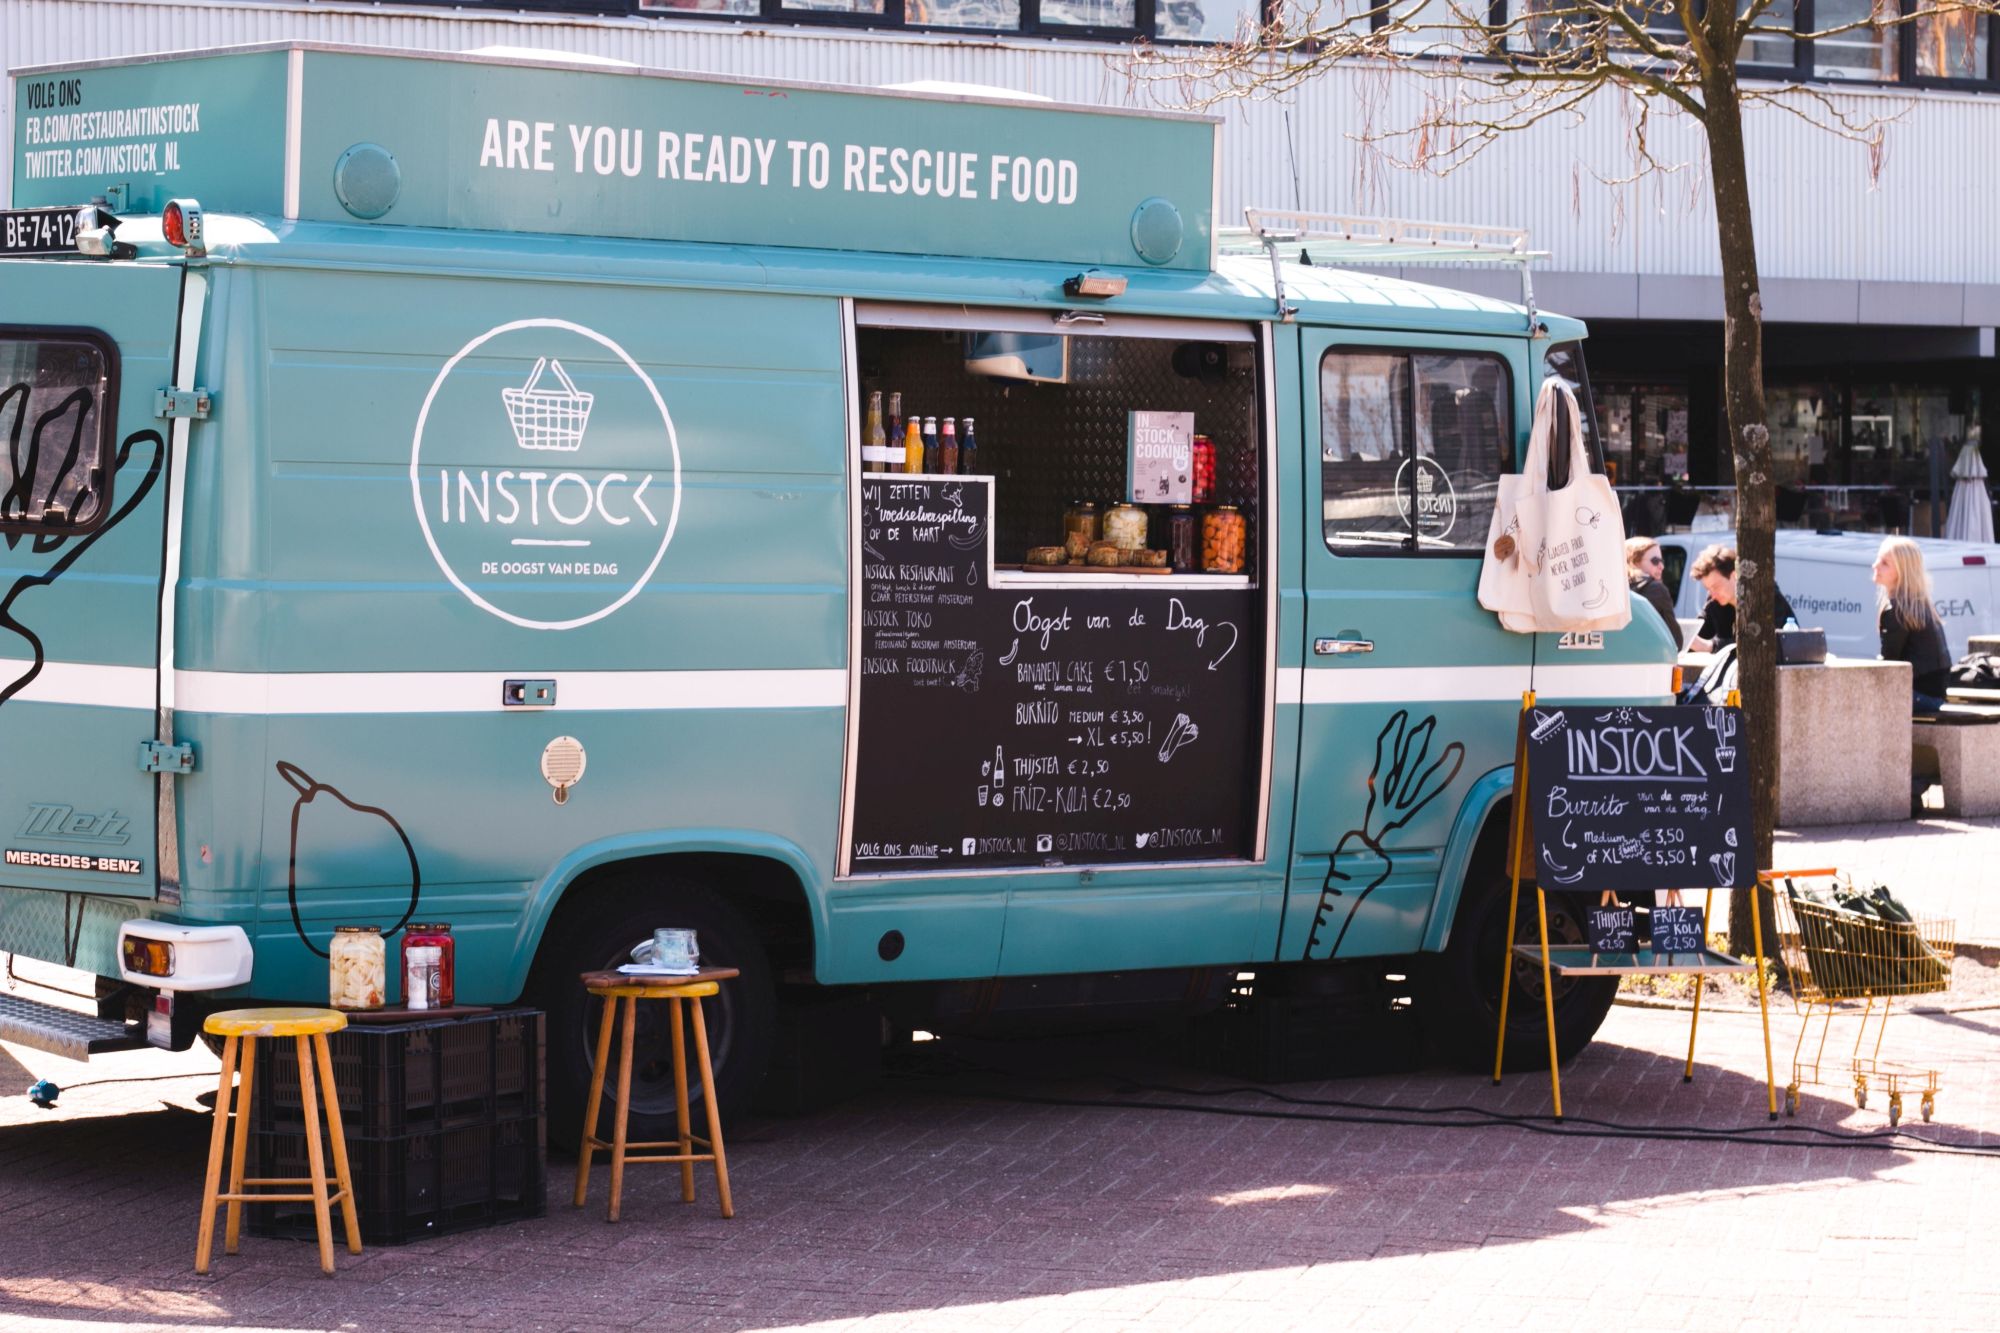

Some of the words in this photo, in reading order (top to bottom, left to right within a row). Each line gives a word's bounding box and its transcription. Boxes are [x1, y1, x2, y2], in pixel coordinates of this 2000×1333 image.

[27, 80, 55, 110] VOLG
[59, 78, 82, 107] ONS
[26, 102, 200, 145] FB.COM/RESTAURANTINSTOCK
[25, 141, 180, 179] TWITTER.COM/INSTOCK_NL
[480, 118, 554, 171] ARE
[568, 124, 643, 177] YOU
[658, 131, 776, 185] READY
[787, 140, 830, 190] TO
[843, 144, 978, 199] RESCUE
[991, 155, 1078, 205] FOOD
[6, 214, 76, 248] BE-74-12
[1136, 443, 1189, 459] COOKING
[441, 469, 658, 526] INSTOCK
[889, 484, 930, 500] ZETTEN
[869, 528, 880, 541] OP
[888, 527, 900, 541] DE
[912, 526, 940, 543] KAART
[481, 562, 498, 575] DE
[501, 562, 546, 575] OOGST
[548, 562, 572, 575] VAN
[574, 562, 591, 575] DE
[593, 563, 618, 576] DAG
[864, 564, 896, 581] NSTOCK
[900, 564, 955, 583] RESTAURANT
[1935, 599, 1975, 617] GEA
[863, 609, 899, 628] INSTOCK
[905, 610, 932, 629] TOKO
[1013, 596, 1072, 651] Oogst
[1087, 614, 1111, 629] van
[1128, 607, 1146, 626] de
[1165, 598, 1209, 649] Dag
[862, 658, 899, 674] INSTOCK
[906, 657, 956, 674] FOODTRUCK
[1017, 661, 1060, 684] BANANEN
[1066, 660, 1093, 684] CAKE
[1069, 711, 1103, 723] MEDIUM
[1086, 727, 1104, 747] XL
[1566, 726, 1708, 777] INSTOCK
[1547, 786, 1630, 818] Burrito
[855, 842, 880, 856] VOLG
[883, 843, 902, 856] ONS
[1586, 849, 1598, 864] of
[1602, 847, 1622, 864] XL
[6, 850, 140, 873] MERCEDES-BENZ
[1673, 923, 1702, 935] KOLA
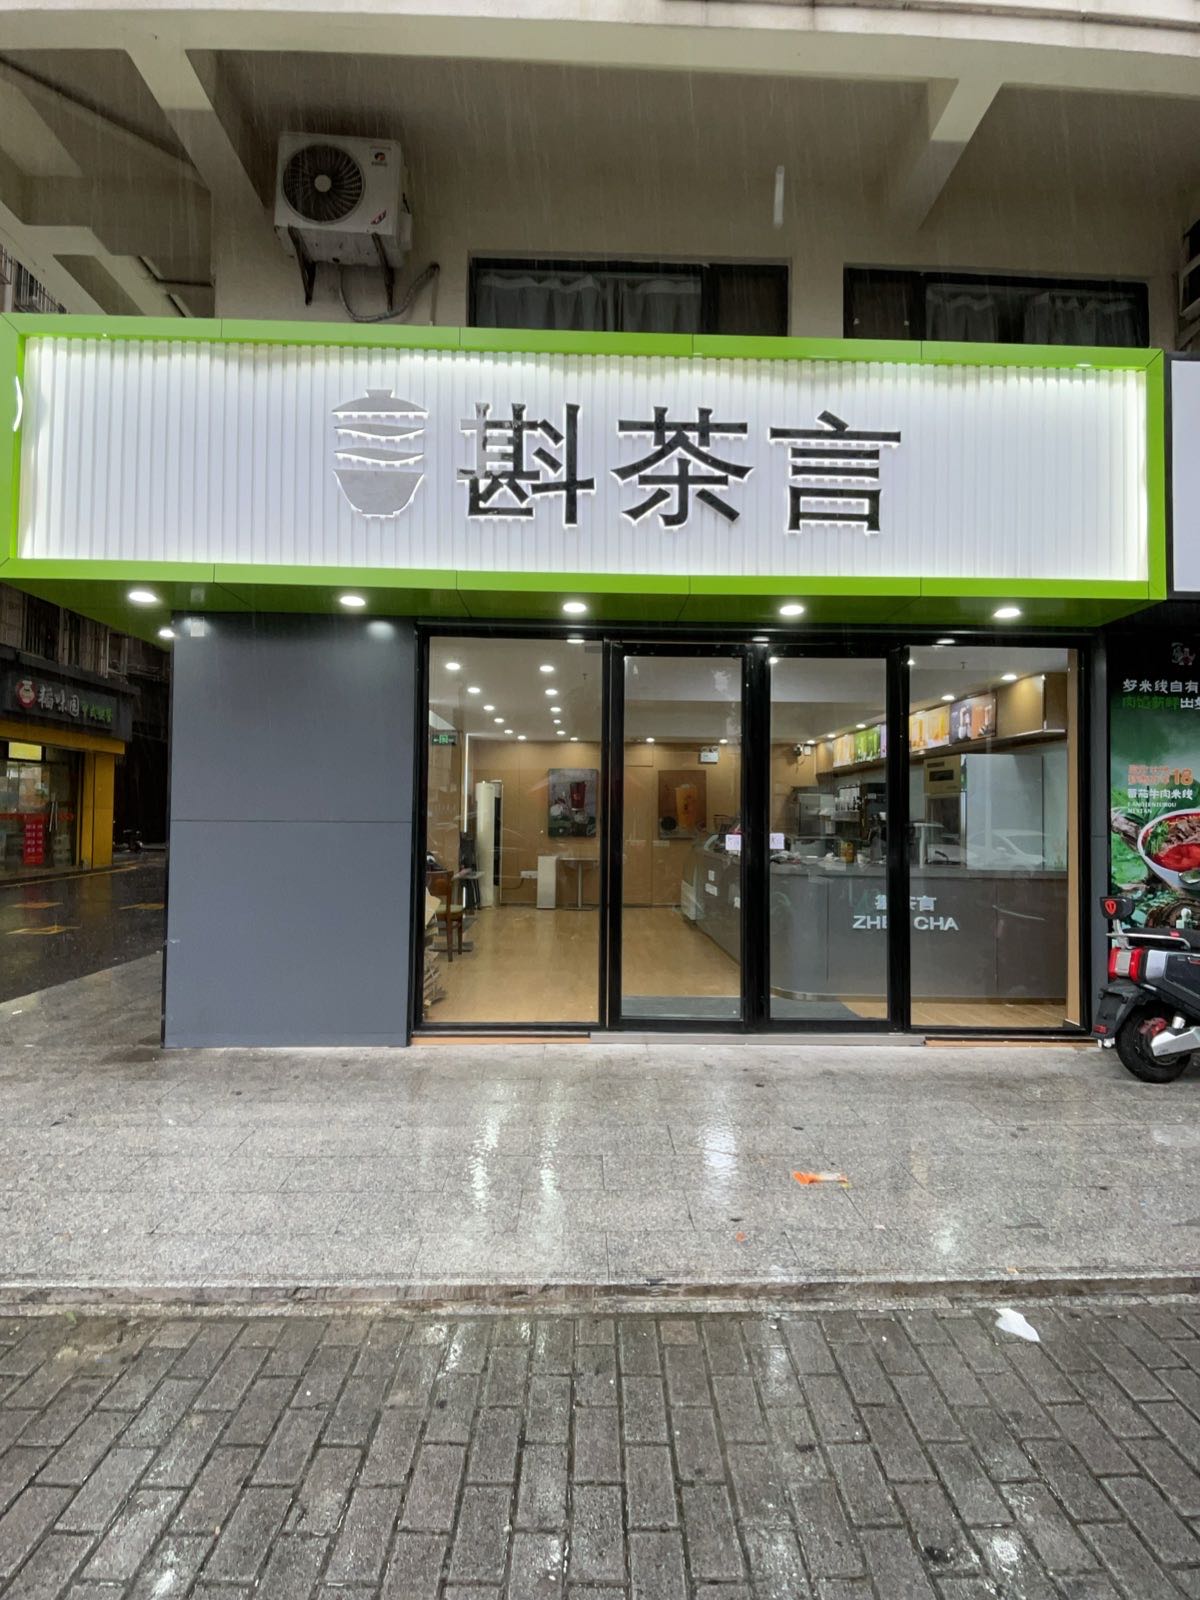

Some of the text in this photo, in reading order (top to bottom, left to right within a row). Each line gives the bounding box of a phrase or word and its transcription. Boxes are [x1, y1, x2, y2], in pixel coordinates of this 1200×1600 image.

[457, 402, 901, 533] 斟茶言
[1127, 788, 1193, 800] 番茄牛肉米线
[913, 916, 960, 931] CHA
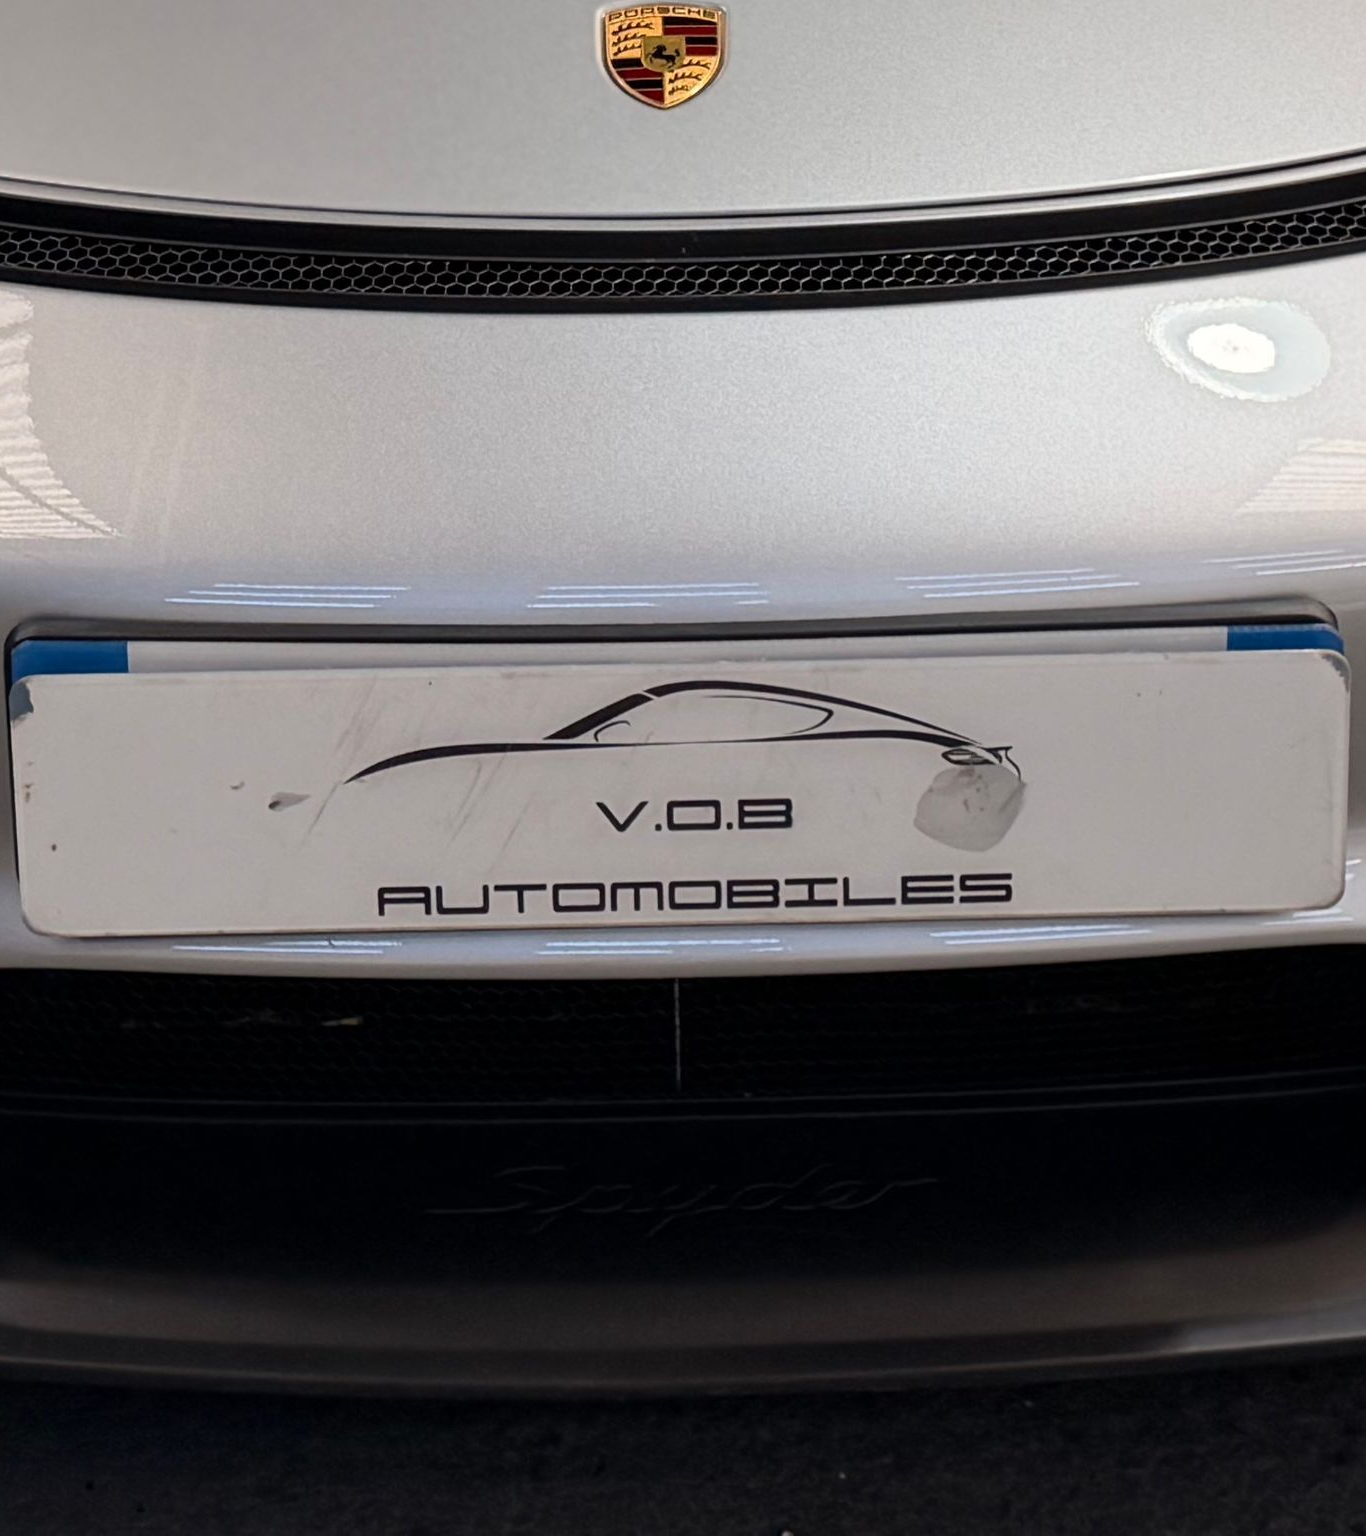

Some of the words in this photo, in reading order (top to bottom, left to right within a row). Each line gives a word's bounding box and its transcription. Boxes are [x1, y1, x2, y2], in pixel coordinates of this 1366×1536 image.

[609, 6, 716, 21] PORSCHE
[595, 798, 793, 833] V.O.B
[377, 872, 1013, 917] AUTOMOBILES
[423, 1163, 939, 1238] Spyder
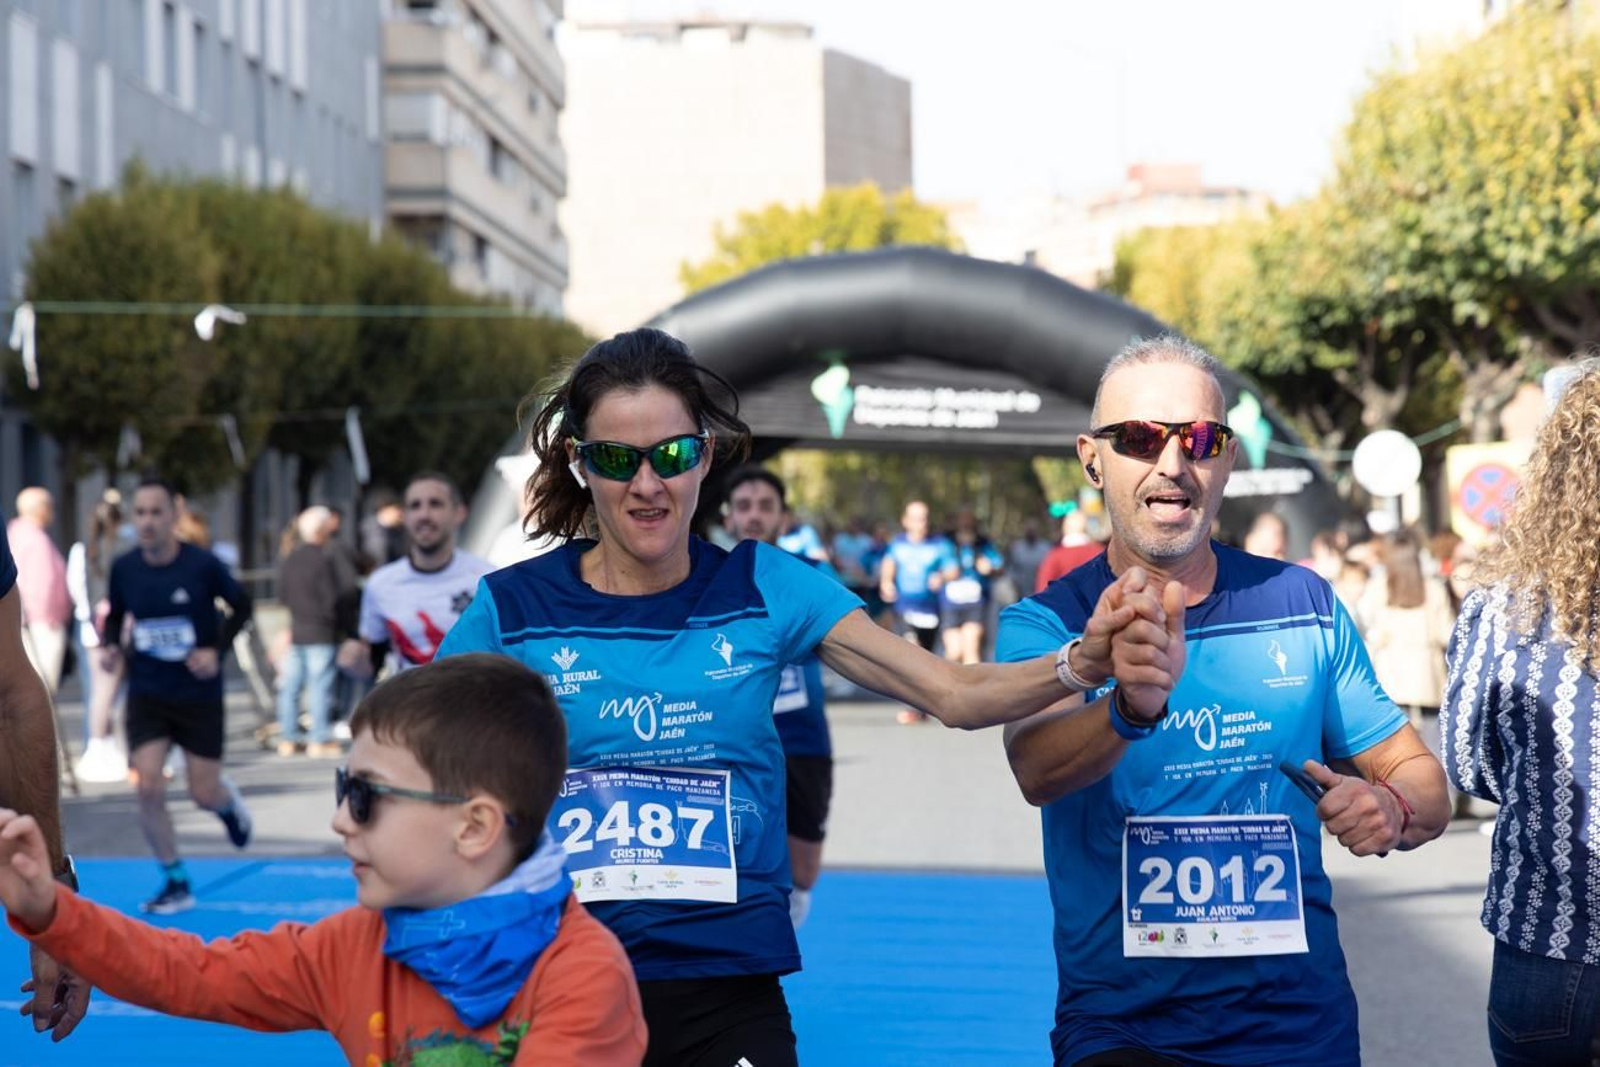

------

#### [Directions for this task]
The lines from the one containing "Some of the text" through the last line of the data above are to be transcribed exactly, both included, with all pictures left out.

#### [Problem solution]
Some of the text in this photo, in reading order (top to bottom, left to right within a row). Each line gives the bounding box of a phrase or word and its transcription. Boxes are [x1, y1, x2, y2], in pixel coordinates of this 1200×1600 image.

[457, 402, 901, 533] 斟茶言
[1127, 788, 1193, 800] 番茄牛肉米线
[913, 916, 960, 931] CHA

Some of the words in this photo, in reading order (top to bottom, left to right within a row). Each line gives a word's bounding box and its transcription. Boxes are [x1, y1, x2, y2], in pixel coordinates of this 1366×1536 image.

[609, 6, 716, 21] PORSCHE
[595, 798, 793, 833] V.O.B
[377, 872, 1013, 917] AUTOMOBILES
[423, 1163, 939, 1238] Spyder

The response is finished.